AI 2 min read

Apple Intelligence is boring and that might be

Apple announced Apple Intelligence at WWDC and the reaction from the AI community was a collective shrug. “That’s it? Better autocomplete? Smarter Siri? Notification summaries?”

Yeah. That’s it.

And I think it might be the smartest AI strategy of 2024.

What Apple didn’t do

Apple didn’t build a chatbot to compete with ChatGPT. Didn’t launch an art generator. Didn’t announce a reasoning model. Didn’t claim they were pursuing AGI. Didn’t release a paper claiming state-of-the-art on any benchmark.

They didn’t play the game everyone else is playing.

Instead, they took a bunch of models (some on-device, some in the cloud) and used them to make existing phone features slightly better. Writing suggestions in Mail. Photo search that understands natural language. Notification prioritization. A Siri that can actually do things across apps.

None of this is exciting in isolation. All of it, together, on a device that two billion people carry every day, might be the largest deployment of AI in history. Not by capability. By reach.

The Apple bet

Apple is betting that most people don’t want a chatbot. Most people don’t want to generate art. Most people don’t want to reason about complex problems with an AI assistant.

Most people want their phone to work better.

Find the photo I took of that receipt at the restaurant in Portland last March. Summarize these 47 notification I missed during my meeting. Write a reply to this email that sounds like me. These are the mundane, everyday friction points that AI can solve without anyone needing to understand prompts, context windows, or model architectures.

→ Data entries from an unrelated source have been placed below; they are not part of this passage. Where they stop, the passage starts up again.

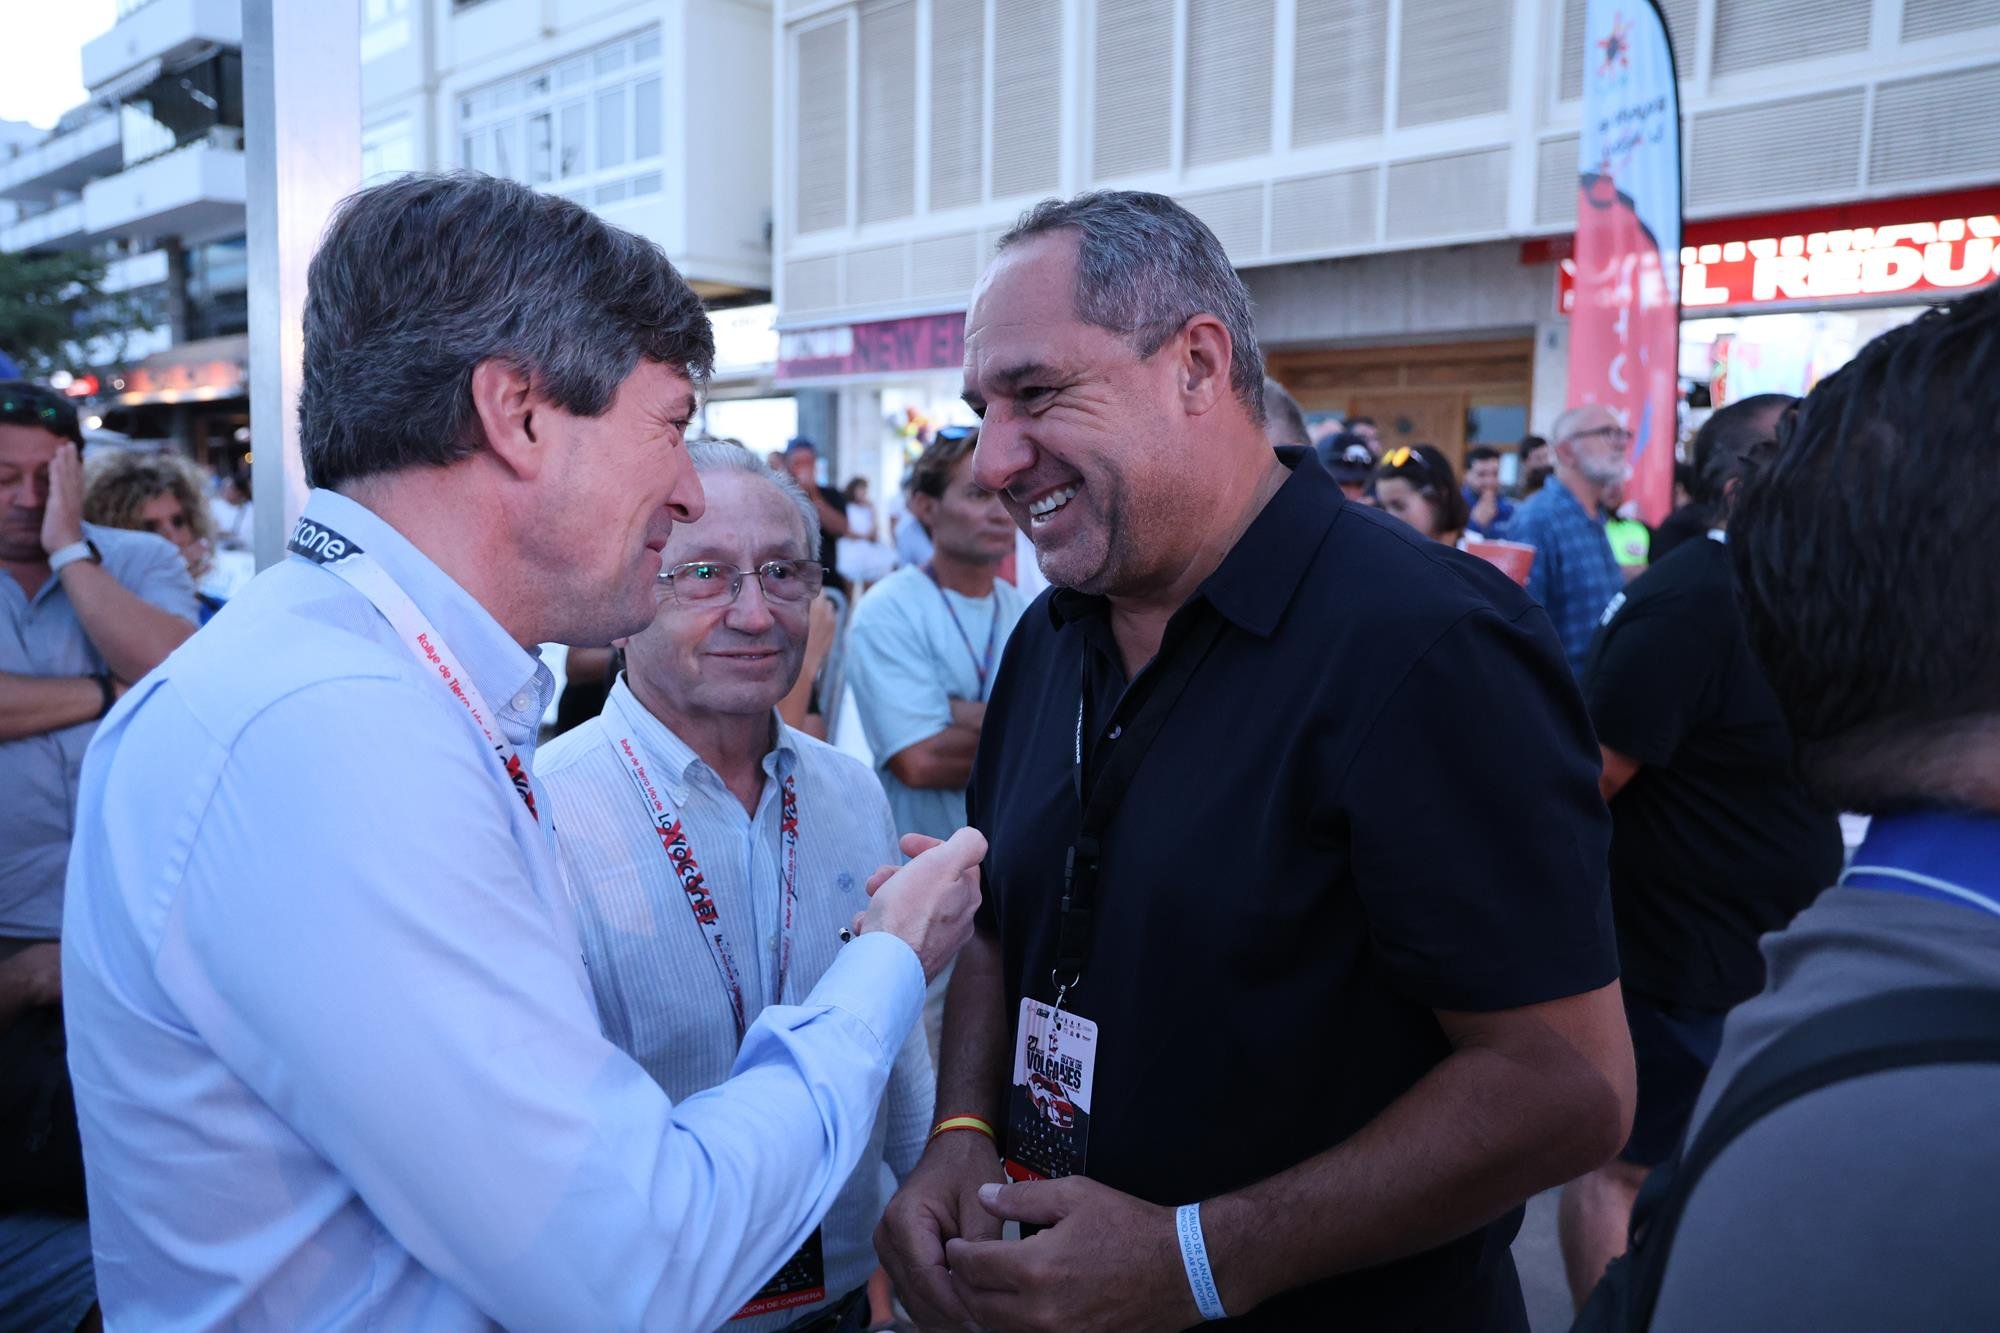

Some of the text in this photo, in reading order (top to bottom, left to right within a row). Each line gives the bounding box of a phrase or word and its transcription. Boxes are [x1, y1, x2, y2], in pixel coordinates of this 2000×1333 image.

[1753, 238, 2000, 301] REDU
[853, 319, 917, 372] NEW
[416, 632, 441, 664] Rallye
[438, 663, 451, 679] de
[1027, 1050, 1082, 1090] VOLCANES
[1189, 1207, 1218, 1306] CABILDO DE LANZAROTE
[1190, 1266, 1199, 1278] DE

Apple is integrating AI the way they integrated the internet in the early 2000s. Not as a product. As a feature. Not something you go to. Something that’s there, underneath, making everything else work better.

Why boring might win

The AI industry is obsessed with capability. Who has the best model? Who scores highest on MMLU? Who can solve the hardest math problems? Those are real metrics and they matter for certain applications.

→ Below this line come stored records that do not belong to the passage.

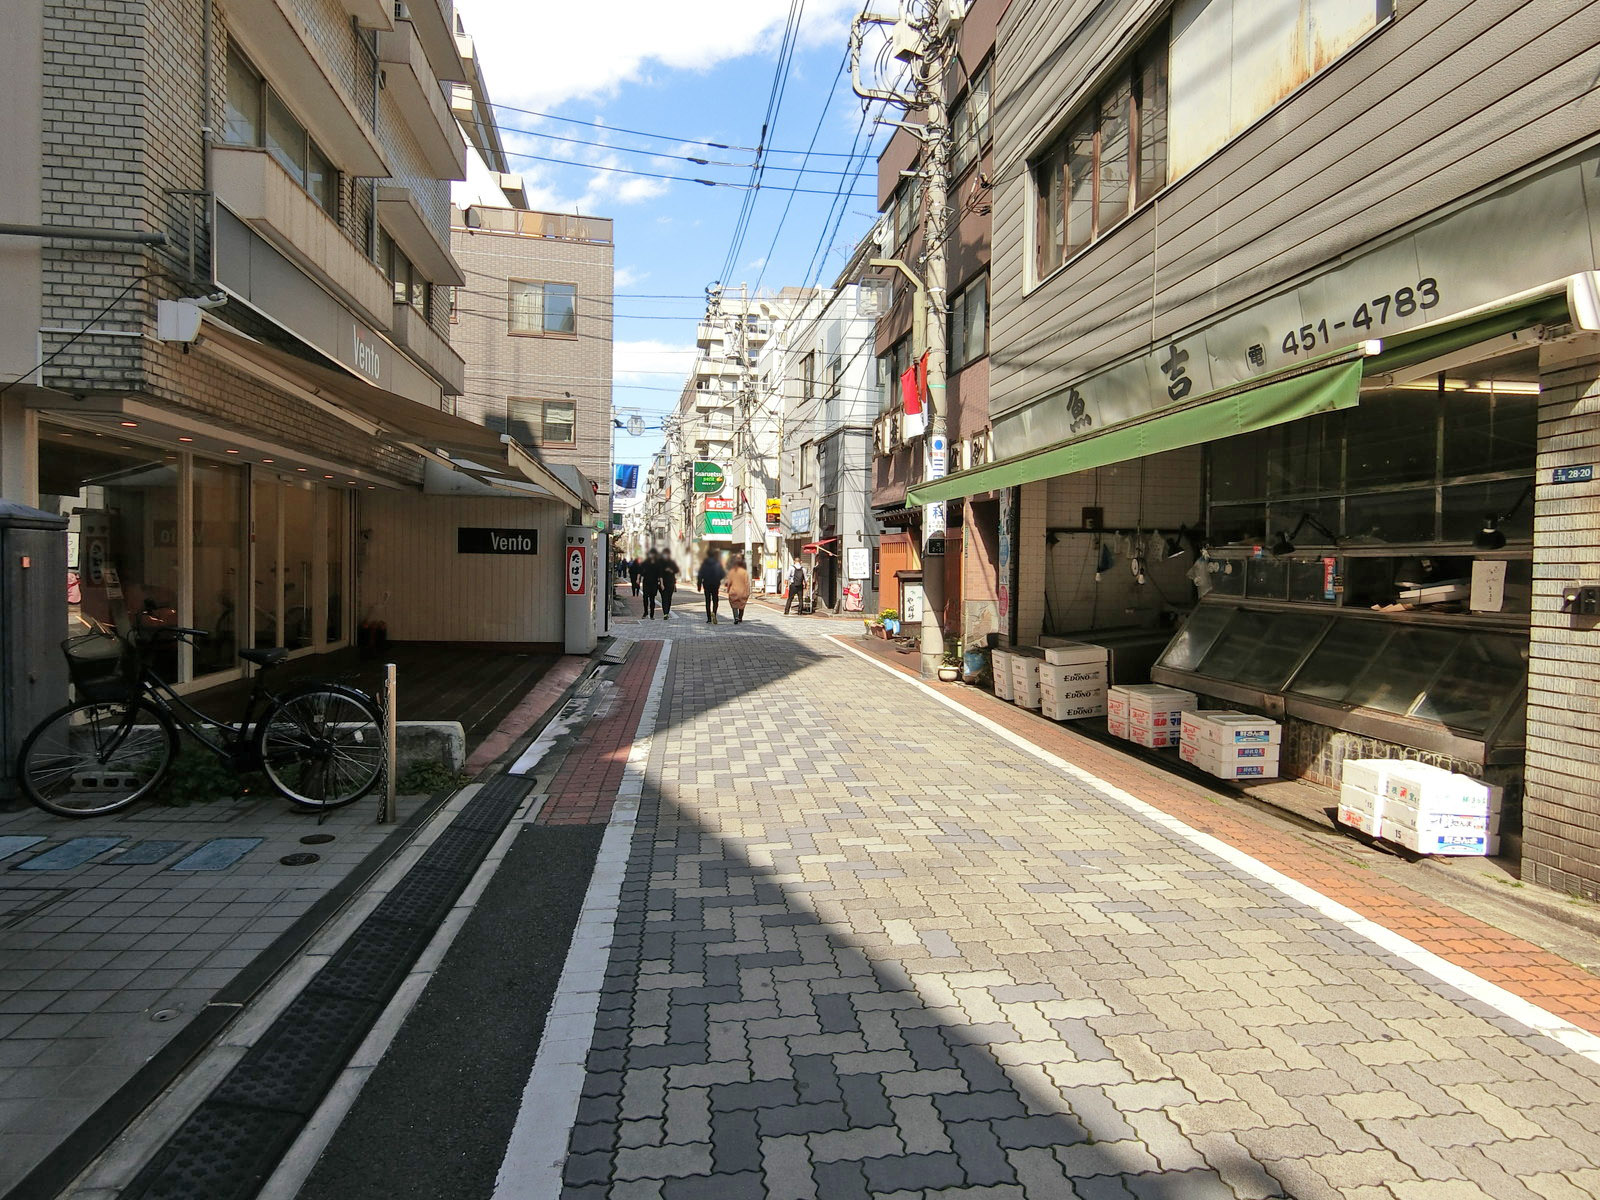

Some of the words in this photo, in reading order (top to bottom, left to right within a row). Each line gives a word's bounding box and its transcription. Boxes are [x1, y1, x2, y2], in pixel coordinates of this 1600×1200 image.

[1281, 277, 1441, 357] 451-4783
[353, 324, 380, 379] Vento
[490, 531, 532, 551] Vento
[572, 553, 582, 587] たばこ
[1063, 673, 1090, 682] EDONO
[1065, 690, 1091, 699] EDONO
[1067, 708, 1093, 716] EDONO
[1395, 829, 1402, 839] 15

But for the 3 billion people who use smartphones every day, capability beyond a certain threshold is irrelevant. Can it understand what I’m looking for? Can it write a passable email? Can it sort my photos intelligently? If yes, the model doesn’t need to be the best. It needs to be good enough, fast, and integrated.

Apple has the integration advantage that no other AI company has. They control the hardware, the operating system, the apps, and now the AI stack. They can run small models on-device for privacy-sensitive tasks and route complex queries to the cloud. They can embed AI into every pixel of the interface without requiring the user to open a separate app or learn a new interface.

That’s boring. That’s also how technology actually gets adopted at scale. Not through demos and research papers. Through making the thing you already do slightly less annoying.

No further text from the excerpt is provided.